The lines from the one with "this 1654×1114 image." through the last line below are to be copied exactly; no other lines are to be returned.

Dataset entries
------------------------------------------------------------------------
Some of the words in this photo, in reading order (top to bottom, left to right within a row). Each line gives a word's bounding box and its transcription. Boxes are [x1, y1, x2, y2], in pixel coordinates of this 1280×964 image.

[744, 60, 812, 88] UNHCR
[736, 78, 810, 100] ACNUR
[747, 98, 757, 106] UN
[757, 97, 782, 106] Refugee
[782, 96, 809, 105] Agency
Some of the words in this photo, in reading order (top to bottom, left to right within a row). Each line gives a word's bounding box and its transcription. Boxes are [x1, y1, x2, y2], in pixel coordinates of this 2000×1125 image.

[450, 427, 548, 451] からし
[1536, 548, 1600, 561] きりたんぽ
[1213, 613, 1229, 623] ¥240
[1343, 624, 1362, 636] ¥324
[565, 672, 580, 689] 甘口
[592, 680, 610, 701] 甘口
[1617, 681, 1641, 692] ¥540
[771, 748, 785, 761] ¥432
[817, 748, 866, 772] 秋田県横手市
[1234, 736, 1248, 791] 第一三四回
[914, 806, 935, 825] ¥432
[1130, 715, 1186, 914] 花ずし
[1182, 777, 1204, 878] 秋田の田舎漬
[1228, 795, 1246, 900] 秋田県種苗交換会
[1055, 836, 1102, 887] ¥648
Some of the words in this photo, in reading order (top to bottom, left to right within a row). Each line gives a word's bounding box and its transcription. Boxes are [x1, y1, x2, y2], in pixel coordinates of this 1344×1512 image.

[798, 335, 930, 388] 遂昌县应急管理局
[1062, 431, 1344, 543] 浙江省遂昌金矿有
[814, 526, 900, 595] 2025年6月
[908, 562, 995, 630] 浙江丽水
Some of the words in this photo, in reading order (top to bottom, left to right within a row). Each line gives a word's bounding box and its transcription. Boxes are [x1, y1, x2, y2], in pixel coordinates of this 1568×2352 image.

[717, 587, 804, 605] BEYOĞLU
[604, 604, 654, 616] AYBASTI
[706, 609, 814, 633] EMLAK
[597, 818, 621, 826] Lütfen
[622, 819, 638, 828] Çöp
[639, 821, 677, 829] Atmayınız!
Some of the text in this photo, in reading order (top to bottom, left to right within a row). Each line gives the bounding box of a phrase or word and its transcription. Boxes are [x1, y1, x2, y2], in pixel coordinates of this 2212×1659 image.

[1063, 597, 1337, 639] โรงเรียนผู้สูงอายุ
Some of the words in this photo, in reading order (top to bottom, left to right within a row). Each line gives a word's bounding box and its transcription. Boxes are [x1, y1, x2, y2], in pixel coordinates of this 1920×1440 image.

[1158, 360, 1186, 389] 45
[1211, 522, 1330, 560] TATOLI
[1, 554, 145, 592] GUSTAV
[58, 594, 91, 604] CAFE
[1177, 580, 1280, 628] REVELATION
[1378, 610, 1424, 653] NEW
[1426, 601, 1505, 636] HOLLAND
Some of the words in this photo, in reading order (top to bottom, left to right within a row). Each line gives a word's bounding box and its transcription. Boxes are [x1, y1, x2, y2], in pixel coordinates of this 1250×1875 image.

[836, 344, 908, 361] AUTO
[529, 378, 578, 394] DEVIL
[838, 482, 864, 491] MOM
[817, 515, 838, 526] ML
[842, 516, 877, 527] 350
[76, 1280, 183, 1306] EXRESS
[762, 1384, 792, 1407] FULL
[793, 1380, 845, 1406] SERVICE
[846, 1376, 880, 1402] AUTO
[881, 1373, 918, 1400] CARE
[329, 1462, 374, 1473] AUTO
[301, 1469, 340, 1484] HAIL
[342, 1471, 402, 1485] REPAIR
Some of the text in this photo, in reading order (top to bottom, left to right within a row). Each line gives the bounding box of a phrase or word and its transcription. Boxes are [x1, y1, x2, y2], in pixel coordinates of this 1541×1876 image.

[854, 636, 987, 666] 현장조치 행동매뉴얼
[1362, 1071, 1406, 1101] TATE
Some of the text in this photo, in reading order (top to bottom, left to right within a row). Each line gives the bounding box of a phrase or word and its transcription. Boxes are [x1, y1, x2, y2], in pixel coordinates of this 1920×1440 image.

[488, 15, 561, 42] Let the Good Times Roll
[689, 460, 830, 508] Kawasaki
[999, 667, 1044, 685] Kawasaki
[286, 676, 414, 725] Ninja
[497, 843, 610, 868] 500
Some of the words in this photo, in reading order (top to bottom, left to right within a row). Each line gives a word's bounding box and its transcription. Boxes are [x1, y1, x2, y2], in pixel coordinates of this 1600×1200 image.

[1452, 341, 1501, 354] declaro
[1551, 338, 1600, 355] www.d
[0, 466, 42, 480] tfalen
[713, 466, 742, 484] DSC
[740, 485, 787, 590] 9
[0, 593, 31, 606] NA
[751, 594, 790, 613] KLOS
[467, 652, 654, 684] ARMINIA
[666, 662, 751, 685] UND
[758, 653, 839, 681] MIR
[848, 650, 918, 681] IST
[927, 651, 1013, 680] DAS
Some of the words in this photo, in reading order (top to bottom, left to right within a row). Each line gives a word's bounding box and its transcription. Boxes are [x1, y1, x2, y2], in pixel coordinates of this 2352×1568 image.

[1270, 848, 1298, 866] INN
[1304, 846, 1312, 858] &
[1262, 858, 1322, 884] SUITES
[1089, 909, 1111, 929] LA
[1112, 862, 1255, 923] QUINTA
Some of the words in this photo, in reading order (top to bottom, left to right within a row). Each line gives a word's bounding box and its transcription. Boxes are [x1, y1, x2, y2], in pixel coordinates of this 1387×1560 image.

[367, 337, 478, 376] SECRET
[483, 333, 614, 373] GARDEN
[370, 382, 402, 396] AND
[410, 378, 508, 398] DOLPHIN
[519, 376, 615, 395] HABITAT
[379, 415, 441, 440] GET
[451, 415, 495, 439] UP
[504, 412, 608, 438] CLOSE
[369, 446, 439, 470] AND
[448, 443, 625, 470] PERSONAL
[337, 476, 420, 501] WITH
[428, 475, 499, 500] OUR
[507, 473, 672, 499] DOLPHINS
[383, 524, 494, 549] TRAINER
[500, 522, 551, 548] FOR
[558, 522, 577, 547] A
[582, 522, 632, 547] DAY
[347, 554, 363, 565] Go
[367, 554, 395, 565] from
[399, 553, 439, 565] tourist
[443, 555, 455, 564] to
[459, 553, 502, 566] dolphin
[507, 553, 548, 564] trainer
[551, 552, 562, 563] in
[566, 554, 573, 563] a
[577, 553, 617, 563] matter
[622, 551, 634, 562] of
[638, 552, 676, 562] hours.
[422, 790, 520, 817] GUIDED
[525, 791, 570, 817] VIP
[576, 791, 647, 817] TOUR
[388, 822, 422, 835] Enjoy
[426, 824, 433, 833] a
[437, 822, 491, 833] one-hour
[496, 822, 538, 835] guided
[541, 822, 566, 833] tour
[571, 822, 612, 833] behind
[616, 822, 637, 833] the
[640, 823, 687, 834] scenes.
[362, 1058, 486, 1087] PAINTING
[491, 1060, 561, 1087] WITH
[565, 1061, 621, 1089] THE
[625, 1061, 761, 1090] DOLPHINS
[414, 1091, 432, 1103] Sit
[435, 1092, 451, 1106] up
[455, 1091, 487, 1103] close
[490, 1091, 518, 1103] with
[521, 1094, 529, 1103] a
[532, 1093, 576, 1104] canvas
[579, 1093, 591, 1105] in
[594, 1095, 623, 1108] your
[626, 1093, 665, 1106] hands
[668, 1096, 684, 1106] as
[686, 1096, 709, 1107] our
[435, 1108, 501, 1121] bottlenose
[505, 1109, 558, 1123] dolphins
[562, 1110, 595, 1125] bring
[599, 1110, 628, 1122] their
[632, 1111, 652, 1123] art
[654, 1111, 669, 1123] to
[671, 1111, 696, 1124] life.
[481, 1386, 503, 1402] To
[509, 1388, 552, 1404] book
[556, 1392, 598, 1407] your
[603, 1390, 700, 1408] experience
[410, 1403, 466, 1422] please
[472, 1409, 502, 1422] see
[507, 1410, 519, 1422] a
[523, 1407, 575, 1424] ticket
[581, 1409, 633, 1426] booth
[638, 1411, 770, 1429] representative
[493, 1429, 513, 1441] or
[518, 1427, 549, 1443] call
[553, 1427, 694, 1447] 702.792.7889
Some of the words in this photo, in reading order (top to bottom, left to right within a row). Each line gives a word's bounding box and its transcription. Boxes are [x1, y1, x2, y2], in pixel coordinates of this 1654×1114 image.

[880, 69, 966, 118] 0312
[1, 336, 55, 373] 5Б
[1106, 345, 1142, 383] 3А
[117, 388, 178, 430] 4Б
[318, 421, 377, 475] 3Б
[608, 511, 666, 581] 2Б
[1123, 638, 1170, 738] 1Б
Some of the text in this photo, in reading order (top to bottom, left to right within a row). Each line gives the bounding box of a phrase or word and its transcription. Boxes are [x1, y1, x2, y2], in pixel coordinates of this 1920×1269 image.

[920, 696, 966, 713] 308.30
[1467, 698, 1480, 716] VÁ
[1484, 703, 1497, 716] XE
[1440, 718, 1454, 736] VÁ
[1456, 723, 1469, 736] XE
------------------------------------------------------------------------
EXPECTED ANSWER
Some of the words in this photo, in reading order (top to bottom, left to right within a row). Each line gives a word's bounding box and its transcription. Boxes are [x1, y1, x2, y2], in pixel coordinates of this 1654×1114 image.

[880, 69, 966, 118] 0312
[1, 336, 55, 373] 5Б
[1106, 345, 1142, 383] 3А
[117, 388, 178, 430] 4Б
[318, 421, 377, 475] 3Б
[608, 511, 666, 581] 2Б
[1123, 638, 1170, 738] 1Б
Some of the text in this photo, in reading order (top to bottom, left to right within a row). Each line gives the bounding box of a phrase or word and its transcription. Boxes are [x1, y1, x2, y2], in pixel coordinates of this 1920×1269 image.

[920, 696, 966, 713] 308.30
[1467, 698, 1480, 716] VÁ
[1484, 703, 1497, 716] XE
[1440, 718, 1454, 736] VÁ
[1456, 723, 1469, 736] XE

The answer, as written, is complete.